The last of these, establishing healthy boundaries with children and teaching them to set boundaries, can seem a huge feat, however, ordinary moms throughout the ages have shown that it is in fact possible. Here are 10 ways to teach your children about healthy boundaries, while establishing functioning and positive boundaries in your own home for your kids:
10 Lay down the law
The first thing you need to do to set boundaries is to establish with your child where the boundary lines are. This is important since unless the law is laid down from the outset, no progress can be made in rectifying behaviors.
This will mean sitting down to communicate with your child and telling them what you value, who you are and what your ideals are. Then, walking the talk so that they can perceive you mean what you say about where these boundary lines are.
9 Communicate your expectations
What do you expect from your child? Is it integrity, or respect? What you most value in your relationship with them needs to be made crystal clear to them. If, for example, you value loyalty, then explain this to them.
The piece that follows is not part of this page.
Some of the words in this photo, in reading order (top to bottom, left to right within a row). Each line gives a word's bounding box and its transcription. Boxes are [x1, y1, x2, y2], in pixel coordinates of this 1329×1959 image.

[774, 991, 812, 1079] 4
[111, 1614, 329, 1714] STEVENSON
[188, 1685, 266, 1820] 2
Also tell them how they can show this in their relationship with you. At the same time, hear from them what they expect from you. Do they expect guidance, help, affirmation? Do they expect co-operation? Let them tell you what is on their mind.
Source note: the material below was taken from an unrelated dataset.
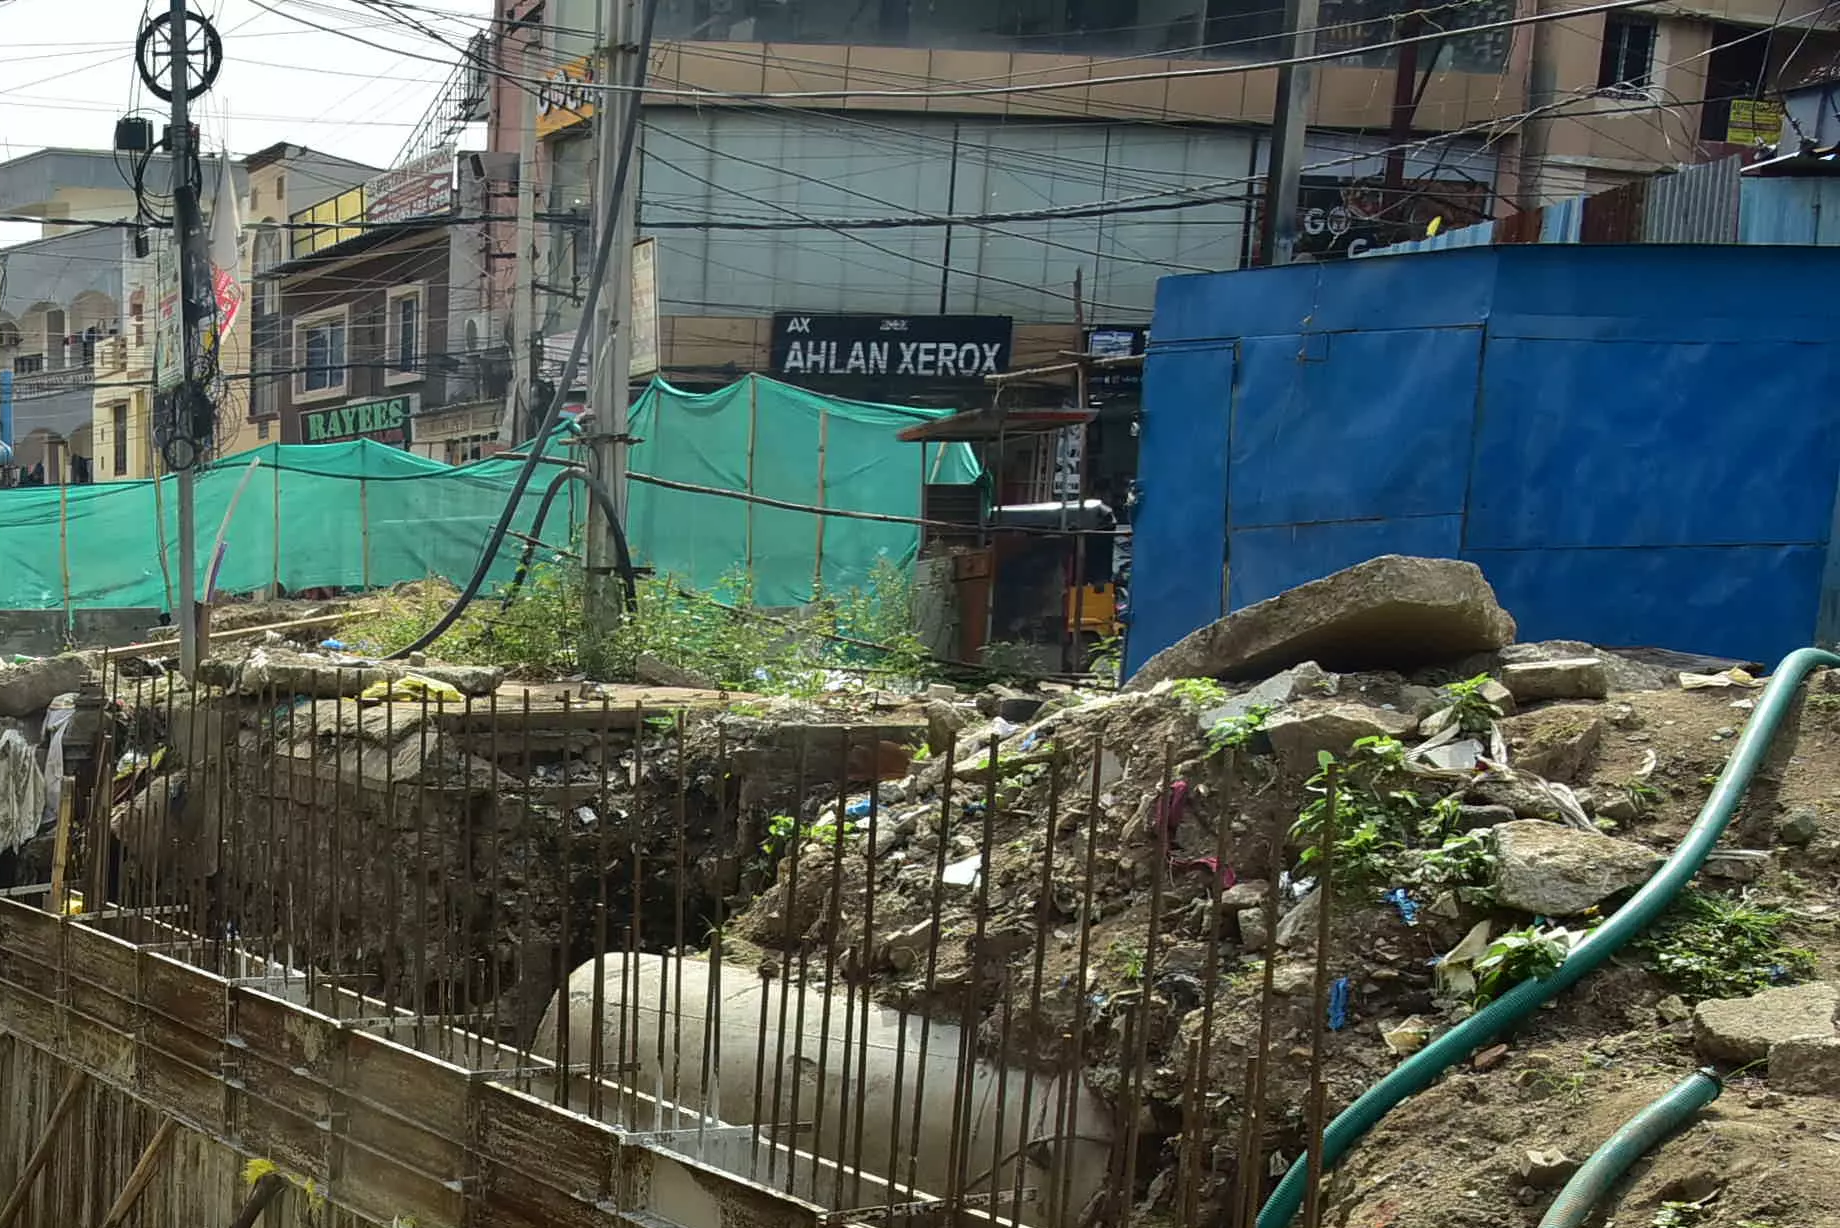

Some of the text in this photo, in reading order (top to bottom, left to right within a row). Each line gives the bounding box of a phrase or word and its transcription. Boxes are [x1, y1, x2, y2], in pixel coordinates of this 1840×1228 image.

[787, 318, 812, 333] AX
[783, 341, 1001, 377] AHLAN XEROX
[308, 399, 405, 441] RAYEES
8 Put boundary rules on display
There's something about a noticeboard or tangible display of rules and boundaries, and family goals which help everyone involved internalize a new conduct of behavior.
Writing things down makes them definite and gives a mental parameter as to what is tolerable and what is not. Still, be creative! This means putting up encouraging post-its or posters and making cardboard cut-outs for bedrooms. Get everyone involved so that it becomes a fun exercise.
7 Explain the reasons why
You want everyone to behave respectfully towards each other and grow as individuals in healthy, functional ways. However, kids might not initially understand why healthy boundaries are necessary.
This is why it is important to explain the reason behind the rules and help them to understand that these boundaries are for their benefit, and for your own. It's all about communication. Why not take your children out for an ice cream or lunch and discuss these heavy topics with them over a fun meal?
6 Consequences, consequences, consequences
Children learn best when they experience consequences for negative behavior and are rewarded for positive behaviour. If, for example, the child crosses a boundary which you have set up in terms of respect, by being rude to you, then let them know and enforce the 'law' by holding them to account.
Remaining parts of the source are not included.